Investing in real estate not just solidifies your dream of owning a home. But, it is a savvy investment that brings you robust results in the future.
And, now is the perfect time to invest as the real estate sector is projected to grow steadily at 9.2% annually from 2023 to 2028. Urbanization, rental market expansion, and rising property values are key drivers for this growth.
There are a variety of factors that come into play when investing in real estate in India.
However, you don’t have to worry about a thing as we have you covered. Ahead, we tell you how to invest in real estate in India effortlessly. Let’s unpack!
How to invest in real estate in India?
Let’s understand all the important factors that tie together in helping you savvily invest in the real estate market in India.
Determine your investment Horizon
Never jump into investments blindly. The first thing you must determine is whether you are looking for long-term or short-term returns. Clearly state your investment goals as it will steer you in the right direction. While real estate endeavors take time to generate profits, the timeline can be adjusted as per your requirements.
For instance, let’s say you are looking for quick monthly returns. You can always invest in a ready-to-move-in property in a booming city like Bangalore or Hyderabad. This way, you can rent out the property for a lucrative monthly return.
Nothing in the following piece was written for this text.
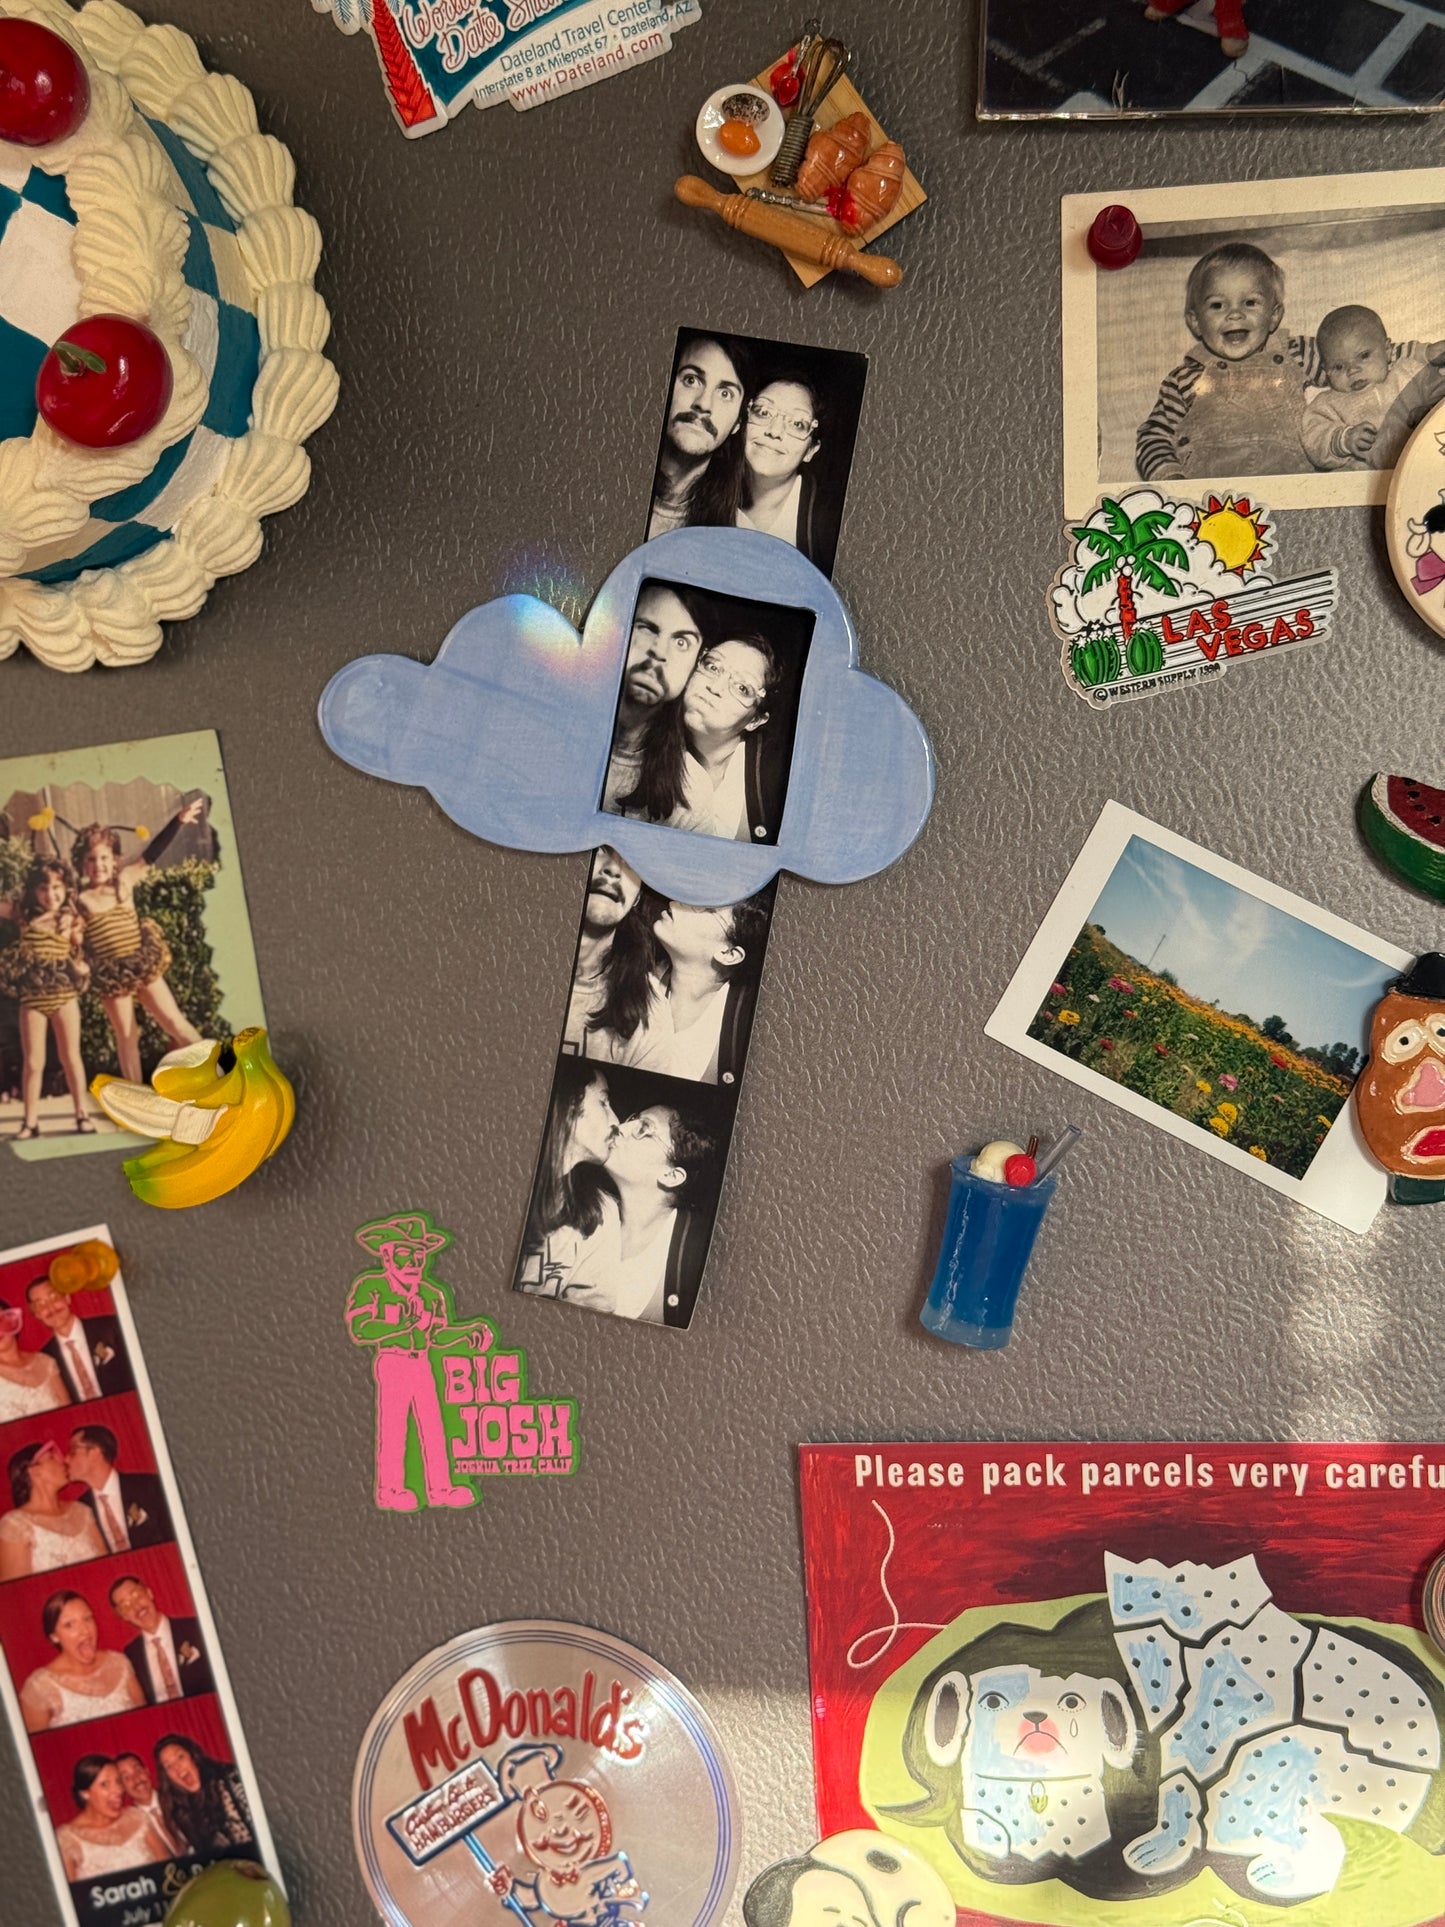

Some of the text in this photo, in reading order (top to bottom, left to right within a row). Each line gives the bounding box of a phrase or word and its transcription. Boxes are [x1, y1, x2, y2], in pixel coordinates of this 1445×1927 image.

Consult a Financial Advisor
If you have the necessary knowledge regarding real estate investments, that’s great. Otherwise, you can always consult a financial advisor to help you out. They will not only help you with investment advice but even develop your financial portfolio for fruitful returns.
Even if you are absolutely new to this, it doesn’t matter when you have an experienced advisor by your side. The personalized guidance they bring you helps you understand and customize your investment strategies and move in the right direction.
Compare Different Investment Approaches
Unlike the yesteryears, investing in real estate is so easy. You have several options like REITs, fractional ownership, and even real estate mutual bonds.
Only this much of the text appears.